Network and Security Practice 4
what is IP spoofing?
A type of attack where the hacker's IP address appears to be a trusted IP address.
What is a proxy server?
A server that authenticates and makes request on behalf of another system on the network
In the context of IT security, wiretapping is considered:
A type of passive attack
What type of attack involves modifying network tables to associate the attacker's MAC address with the IP address of a legitimate user?
ARP Poisoning
A company needs to secure the network using a security system that can inspect the network traffic's payload to prevent attacks. What type of firewall would you recommend?
Application Firewall
An organization is deploying a sophisticated firewall that examines both individual packets and their collective grouping. What type of access control does this represent?
Context-based
The Presentation layer of the OSI model:
Data encryption, decryption, and formatting
What attack involves sending disassociation frames to wireless devices, thus disconnecting clients from the wireless network?
Deauthentication attack
ARP Poisoning allows an attacker to
Eavesdrop on the traffic sent through the Switch
Which of the following is a key benefit of SaaS?

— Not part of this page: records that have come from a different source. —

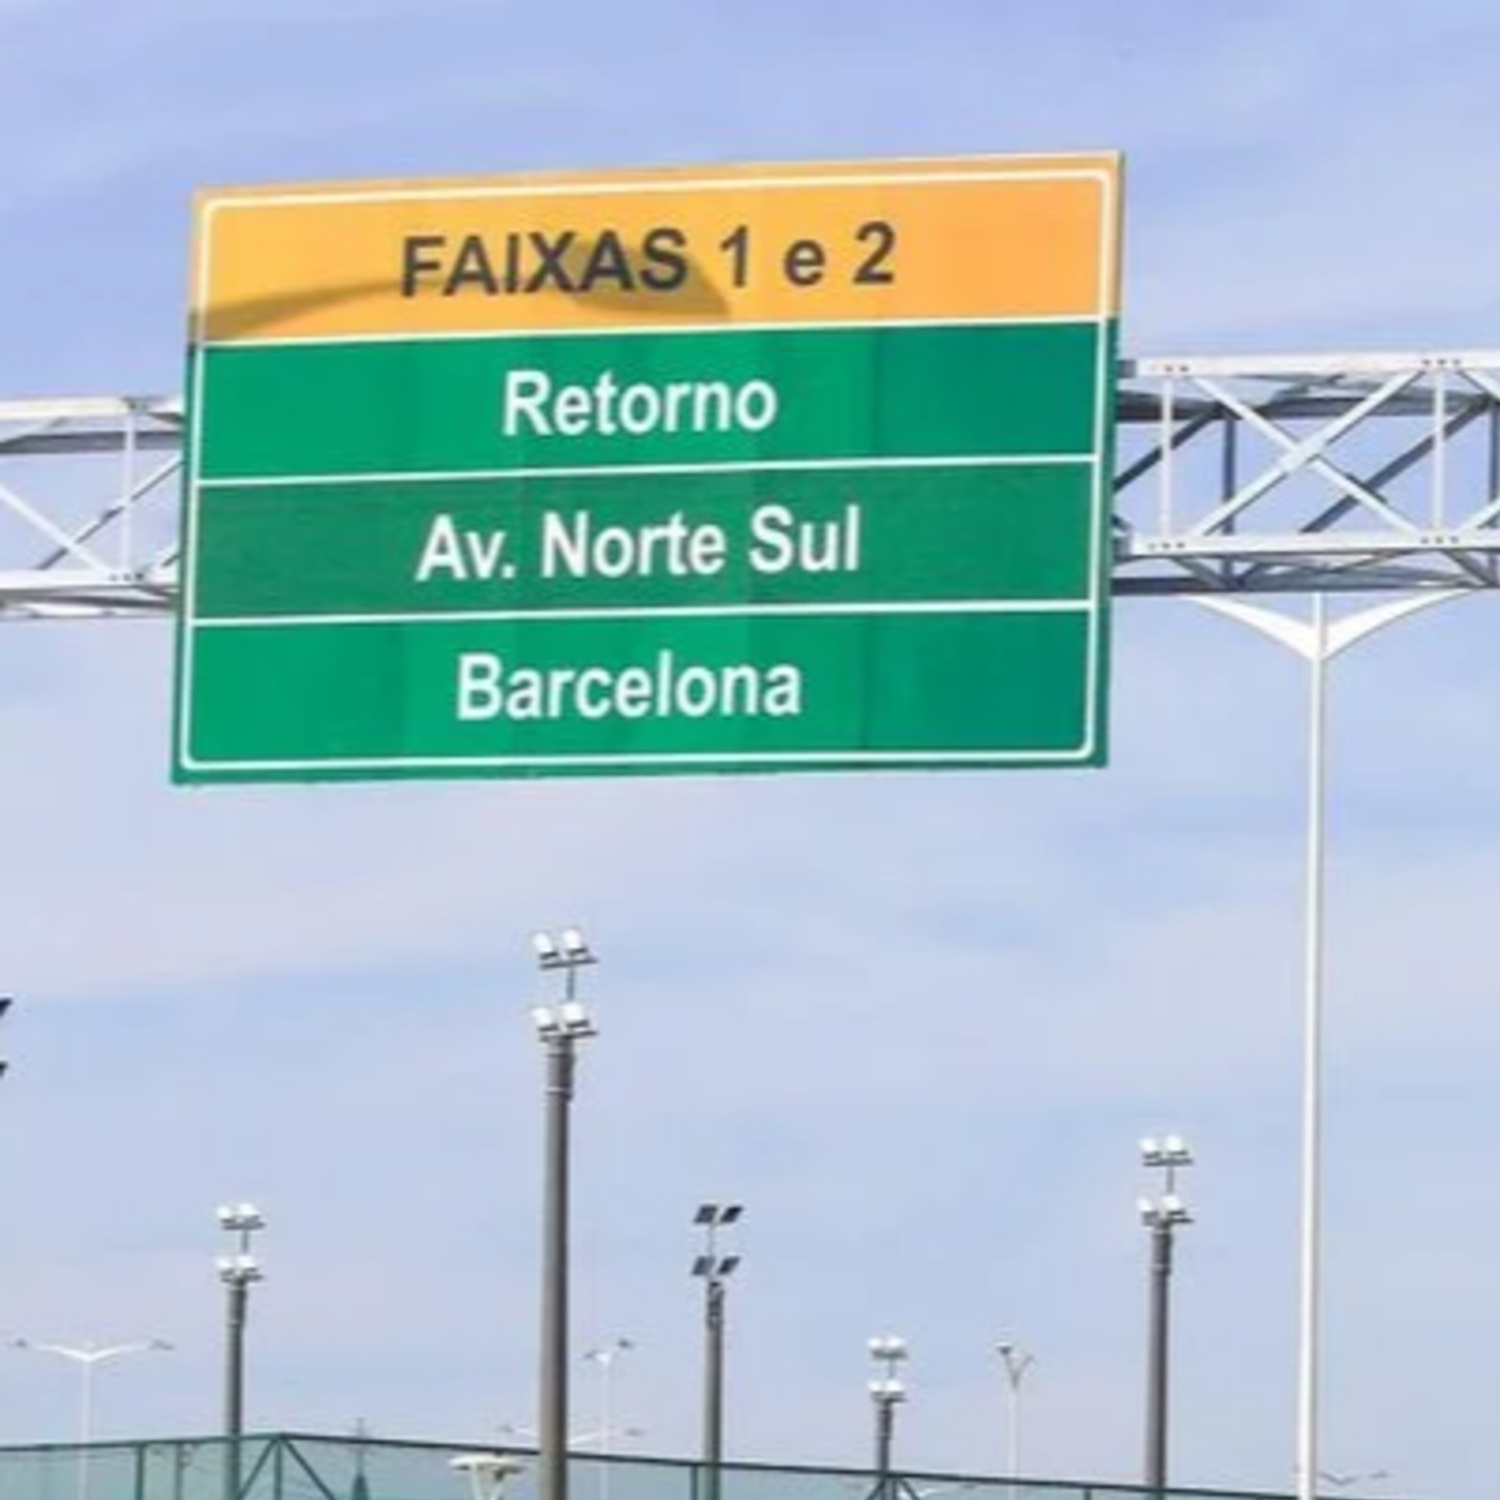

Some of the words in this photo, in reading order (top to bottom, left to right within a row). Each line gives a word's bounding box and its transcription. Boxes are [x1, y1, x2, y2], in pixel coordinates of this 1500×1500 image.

[400, 226, 692, 299] FAIXAS
[720, 224, 749, 288] 1
[782, 238, 826, 288] e
[853, 219, 896, 286] 2
[503, 368, 779, 437] Retorno
[415, 513, 517, 584] Av.
[540, 510, 728, 580] Norte
[748, 503, 861, 575] Sul
[456, 649, 802, 722] Barcelona

Elimination of the need for installations and updates on individual computers
A person who enjoys the challenge of breaching networks and bypassing security measures for the thrill, without malicious intent and sometimes pointing out flaws to the affected parties, can be termed a:
Grey Hat Hacker
What is a Type 2 hypervisor?
Hypervisor software that must be installed as an application running on a host OS. A Type 1 (or bare metal) hypervisor is installed directly to the host hardware.

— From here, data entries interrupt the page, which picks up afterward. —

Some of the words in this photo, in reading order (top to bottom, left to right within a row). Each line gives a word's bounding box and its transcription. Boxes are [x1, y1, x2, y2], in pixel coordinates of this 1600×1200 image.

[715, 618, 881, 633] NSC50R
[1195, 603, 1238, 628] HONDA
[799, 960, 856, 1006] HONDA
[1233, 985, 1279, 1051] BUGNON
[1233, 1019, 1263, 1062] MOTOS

Which wireless infrastructure mode uses a central wireless device, such as a wireless router or wireless access point?
Infrastructure
Upon discovering a malware infection on a computer, what is the FIRST action that should be taken?
Isolate the infected computer from the network
Which cloud service model is best for software development companies that want to develop and test software applications without managing the underlying infrastructure?
PaaS
What does IaaS provide to the consumer?
Physical computing resources, virtualized and delivered over the internet
What type of deployment is most likely to use dedicated hardware for cloud services?
Private Cloud
Sam was just hired to work on the security team that will be attempting to compromise the company's network to discover what vulnerability exist. Which team did he get hired to?
Red
Which risk management strategy is illustrated by continuing to use a network device with a known risk without implementing any mitigating security measures?
Risk Acceptance
.Which risk management approach entails removing the threat or vulnerability altogether to entirely negate the related risk?
Risk Avoidance
Which risk management strategy involves implementing security measures to decrease the probability of a risk happening or to lessen its effects should it occur?
Risk Mitigation
A network firewall analyzes each packet against a set of security criteria before deciding to allow or block. This approach is known as:
Rule-Based Access Control
What type of attack floods a network with ICMP echo request packets, amplifying the attack by using a large number of hosts?
Smurf Attack
In a DAC (Discretionary Access Control) system, who typically has the authority to set or change permissions?
The owner of the resource
Due to its location in a coastal area, a data center's operational continuity is at risk from hurricanes. This natural event is categorized as a:
Threat
What is the primary function of a router in a network?
To connect multiple networks and route data packets between them
How can organizations reduce the risk associated with port scanning attacks?
Using firewalls to block unnecessary ports
What is a Type 1 hypervisor?
Virtualization software that runs directly on the host's hardware to control the hardware and to manage VM guest operating systems
While setting up a Wi-Fi network, the network administrator decides to use a wireless encryption method that includes each device using a unique encryption key.Which protocol is the administrator choosing?
WPA3
If a network admin needs to see if a TCP connection is active on a Windows computer, what command should they use?
netstat